Per invertire la rotta, l’Europa ha approvato il regolamento FuelEU Maritime, in vigore dal 2025, che impone una progressiva riduzione dell’intensità emissiva dei carburanti usati dalle navi, fino all’80% nel 2050. A differenza del settore aereo, però, non si impongono carburanti specifici: ogni armatore può scegliere come ridurre le proprie emissioni.
Il principio della “neutralità tecnologica” rischia però di generare una distorsione: molte nuove navi sono progettate per il GNL (gas naturale liquefatto), anche nella sua versione fossile, il che potrebbe permettere il rispetto degli obiettivi a breve termine senza una reale svolta sostenibile.
Le alternative – ammoniaca, idrogeno, biocarburanti avanzati – esistono, ma comportano investimenti ingenti e una profonda riconversione delle infrastrutture portuali. Per il Politecnico, è urgente un maggiore coordinamento tra armatori, fornitori e autorità portuali. Senza una visione condivisa, il rischio è navigare a vista.
Decarbonizzazione sulla terra: quali soluzioni?
Infine, il viaggio della decarbonizzazione entra nelle nostre case. Nei condomini, nelle centrali termiche, nelle caldaie alimentate a gas. Qui si gioca una partita silenziosa ma decisiva: quella del calore, che in Europa ha ancora grande peso sui consumi energetici complessivi.
Nel settore industriale, il Piano Nazionale Energia e Clima (PNIEC) fissa obiettivi chiari: entro il 2030, 4 miliardi di metri cubi di biometano e un utilizzo di idrogeno rinnovabile pari al 54% dei consumi. Nel civile, invece, la priorità resta l’elettrificazione.
Ma a partire dal 2027, con l’introduzione del nuovo ETS (European Union Emissions Trading System), il sistema di scambio di quote di emissione dell’Unione Europea che mira a ridurre le emissioni di gas serra, anche chi continuerà a usare caldaie a gas dovrà pagare il prezzo della CO₂, con ricadute dirette sulle bollette.

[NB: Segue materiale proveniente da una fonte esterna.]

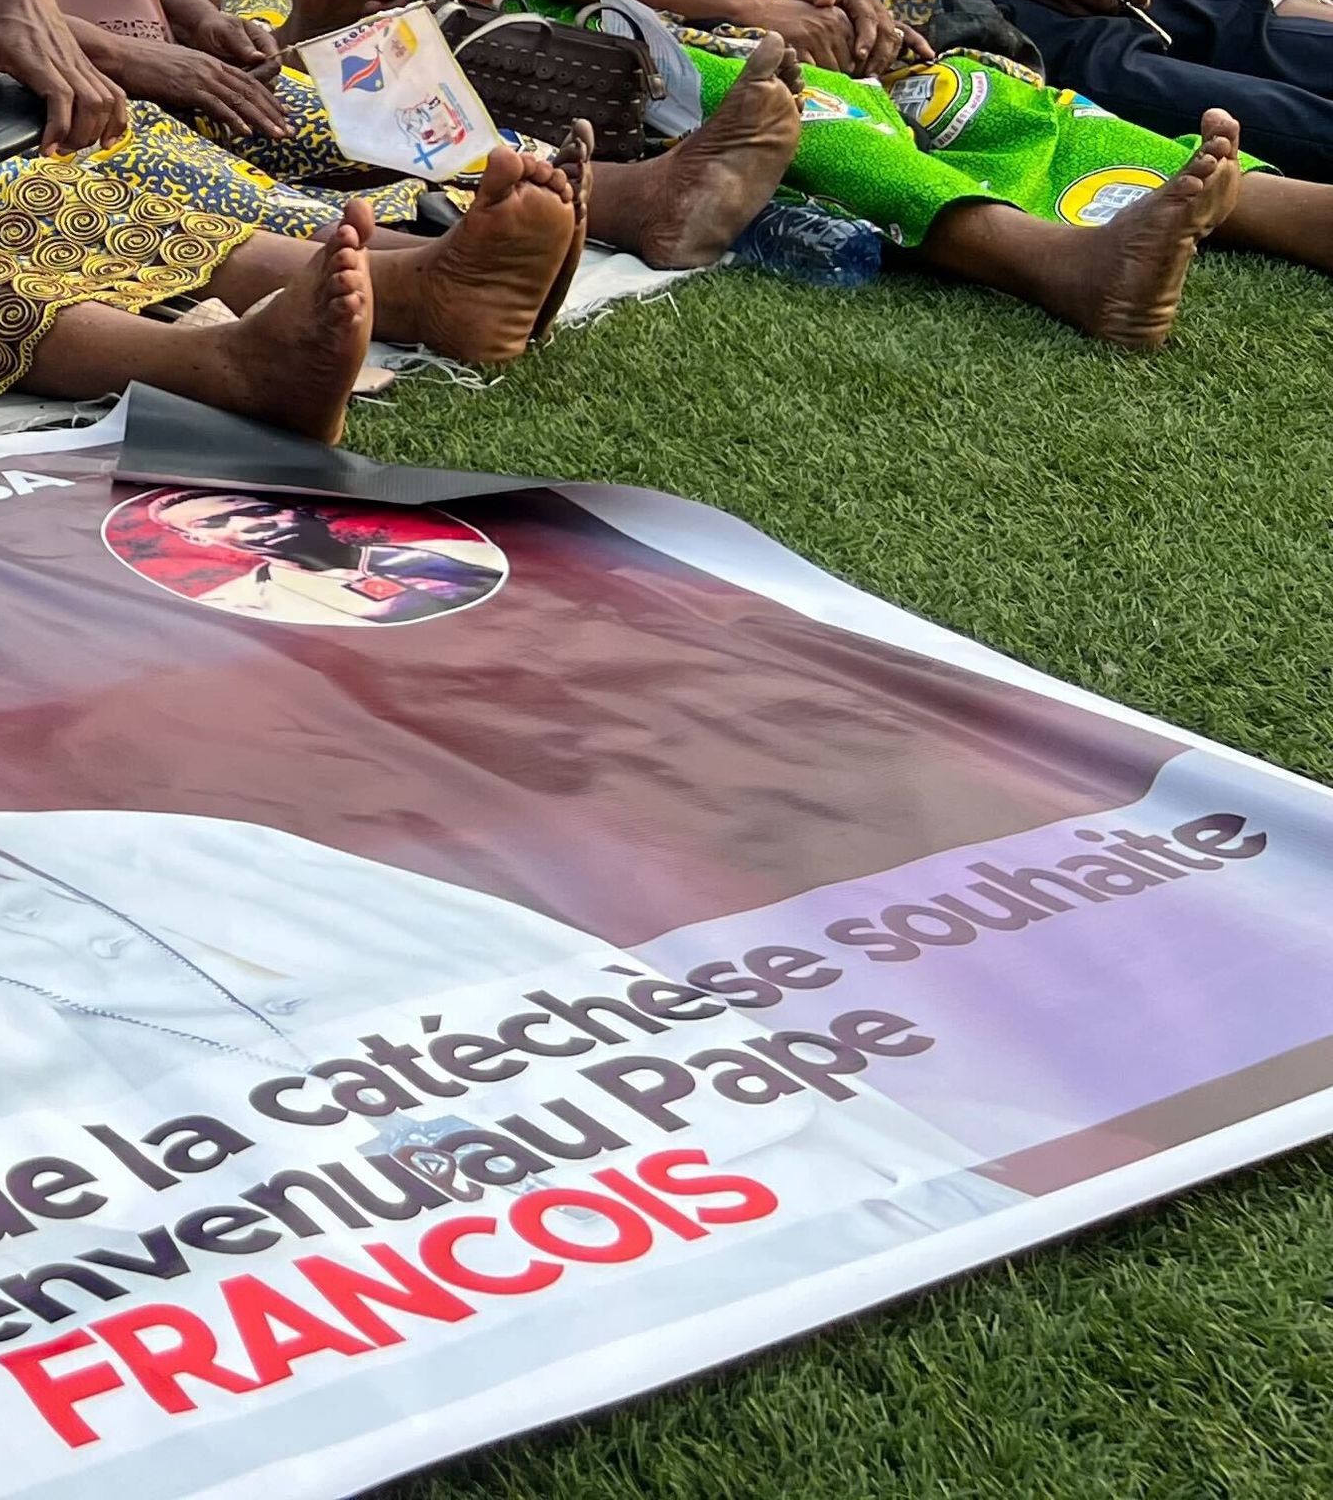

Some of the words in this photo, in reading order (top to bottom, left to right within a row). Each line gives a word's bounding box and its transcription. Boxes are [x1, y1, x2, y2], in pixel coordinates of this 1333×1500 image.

[85, 1121, 255, 1194] la
[247, 942, 839, 1126] catéchèse
[822, 811, 1266, 965] souhaite
[433, 1097, 632, 1186] au
[577, 1001, 936, 1138] Pape
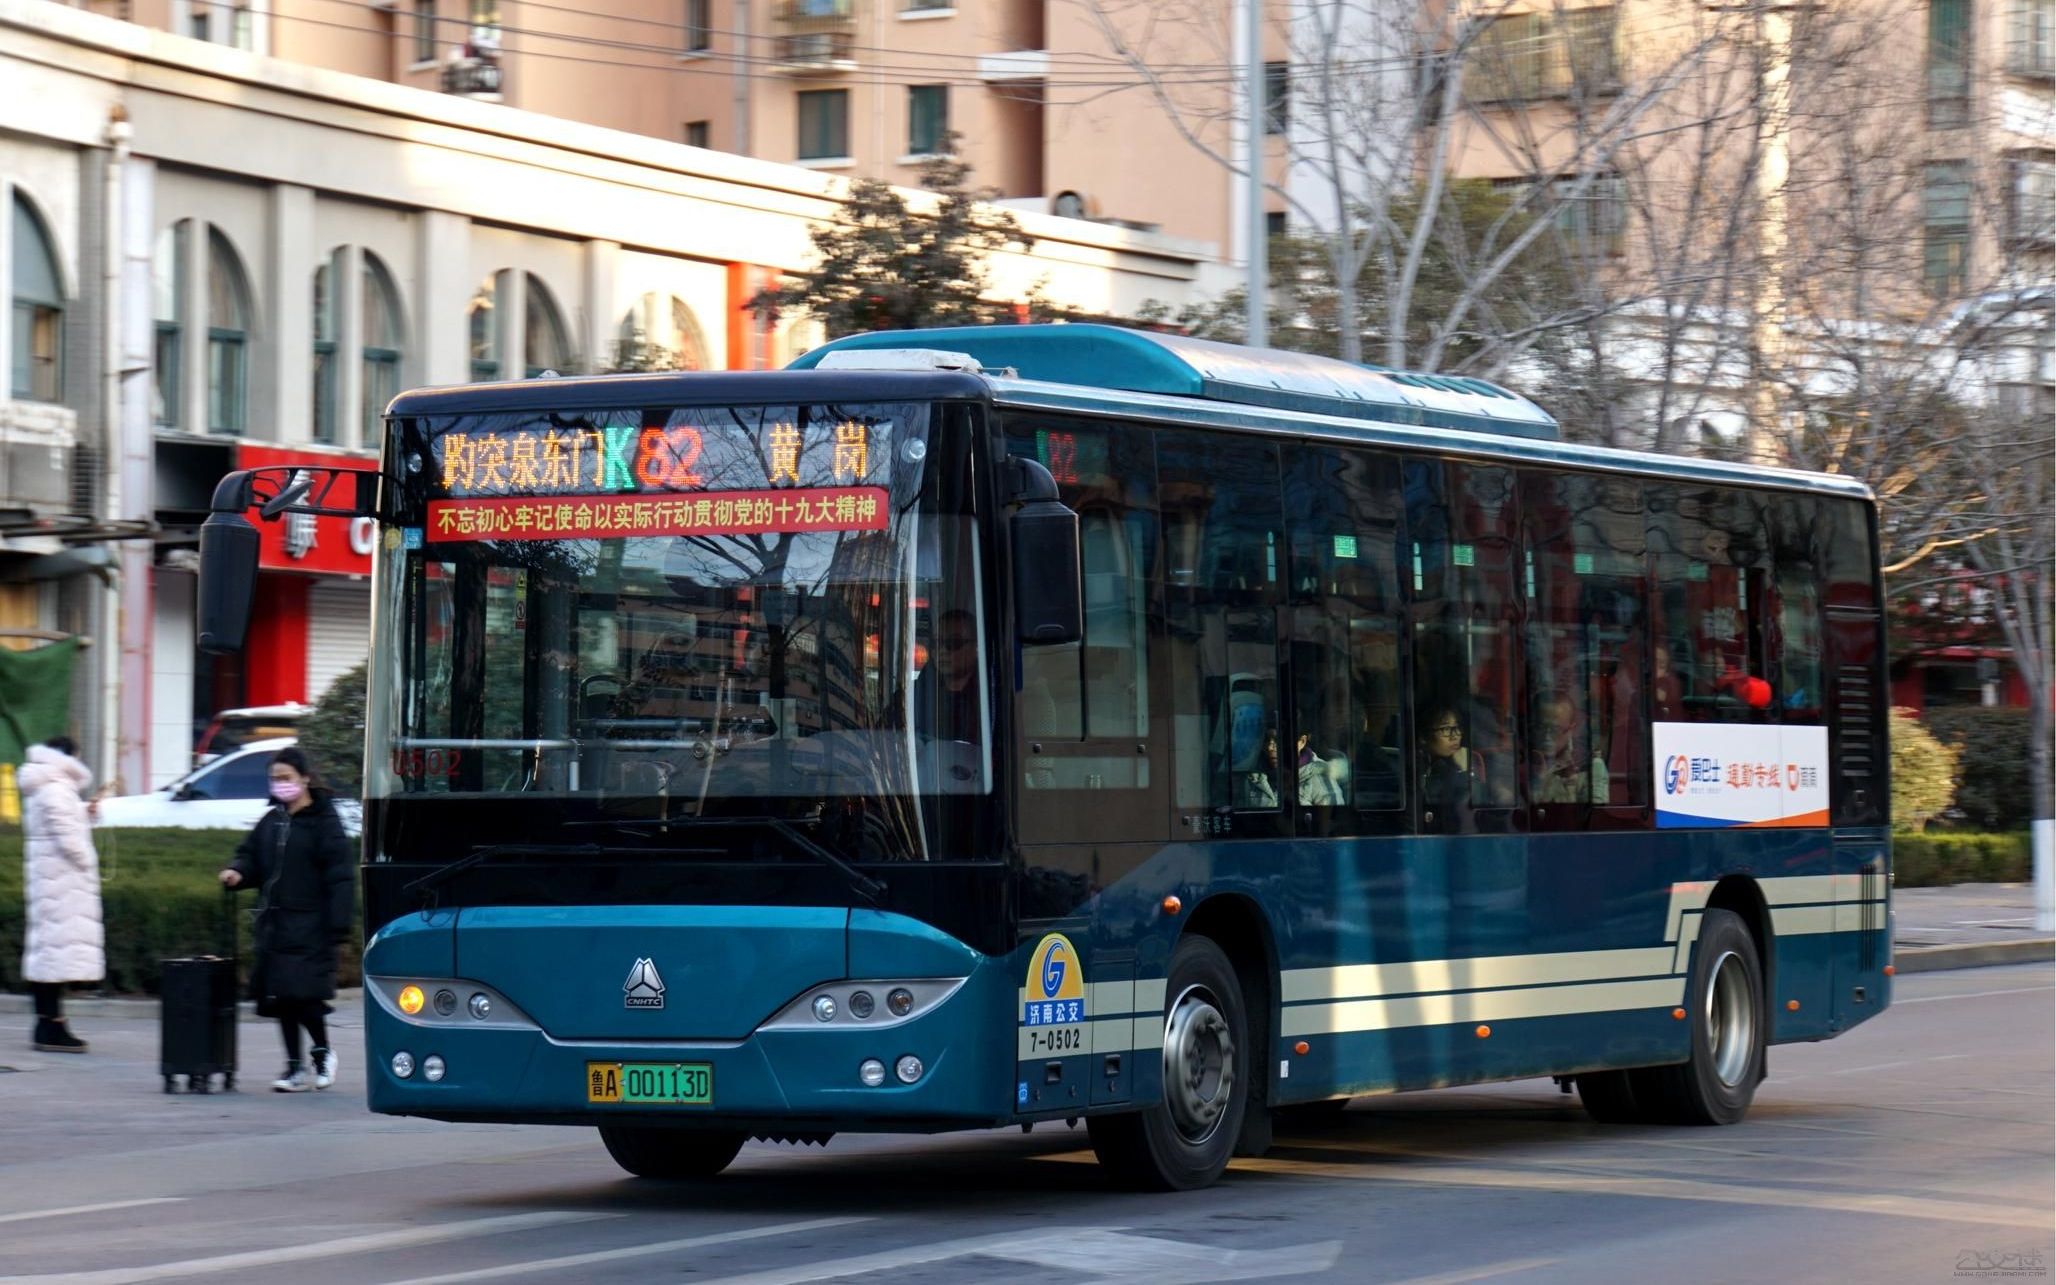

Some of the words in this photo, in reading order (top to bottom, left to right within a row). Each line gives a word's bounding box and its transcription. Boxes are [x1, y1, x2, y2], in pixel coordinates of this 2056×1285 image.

[443, 428, 602, 489] 趵突泉东门
[604, 426, 703, 488] K82
[437, 494, 876, 535] 不忘初心牢记使命以实际行动贯彻党的十九大精神
[393, 749, 462, 776] 0502
[1030, 1002, 1078, 1025] 济南公交
[1031, 1029, 1080, 1052] 7-0502
[629, 1070, 708, 1098] 00113D

Il biometano, in questo contesto, è una delle alternative più promettenti: compatibile con le reti esistenti e sostenuto da incentivi. Il Decreto Ministeriale 2022 ha rilanciato il settore, con aste pubbliche e contributi in conto capitale. L’ultima, conclusa ad aprile 2025, ha visto la partecipazione di quasi 300 impianti, ma solo la metà potrà accedere ai fondi disponibili.

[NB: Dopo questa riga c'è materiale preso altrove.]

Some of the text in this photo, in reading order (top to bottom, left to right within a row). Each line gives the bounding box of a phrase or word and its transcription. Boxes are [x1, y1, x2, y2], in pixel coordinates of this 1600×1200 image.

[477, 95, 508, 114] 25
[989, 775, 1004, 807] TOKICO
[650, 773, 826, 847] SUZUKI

Il governo italiano ha chiesto a Bruxelles di prorogare i termini e aumentare le risorse, ma la risposta si fa attendere. Anche nello scenario più ottimistico, la produzione di biometano coprirebbe solo il 50% del target al 2030.
Servirebbero nuove aste, tariffe incentivanti e soluzioni innovative come il progetto Biometano Release, che punta a collegare produttori e industrie hard-to-abate sul modello del già esistente Energy Release.
Le rotte ci sono, ma il viaggio è appena cominciato
Il messaggio del Politecnico è chiaro: i combustibili alternativi sono essenziali per la decarbonizzazione dei settori dove l’elettricità non può arrivare. Ma il cammino è ancora in salita. Ritardi infrastrutturali, incertezze normative e costi elevati rallentano una transizione che, per rispettare i tempi imposti dal clima, dovrebbe invece accelerare.
«Servono segnali chiari e tempestivi da parte del decisore pubblico», si legge nel report. Perché se è vero che le tecnologie ci sono e le rotte sono tracciate, è altrettanto vero che siamo solo all’inizio di un viaggio complesso.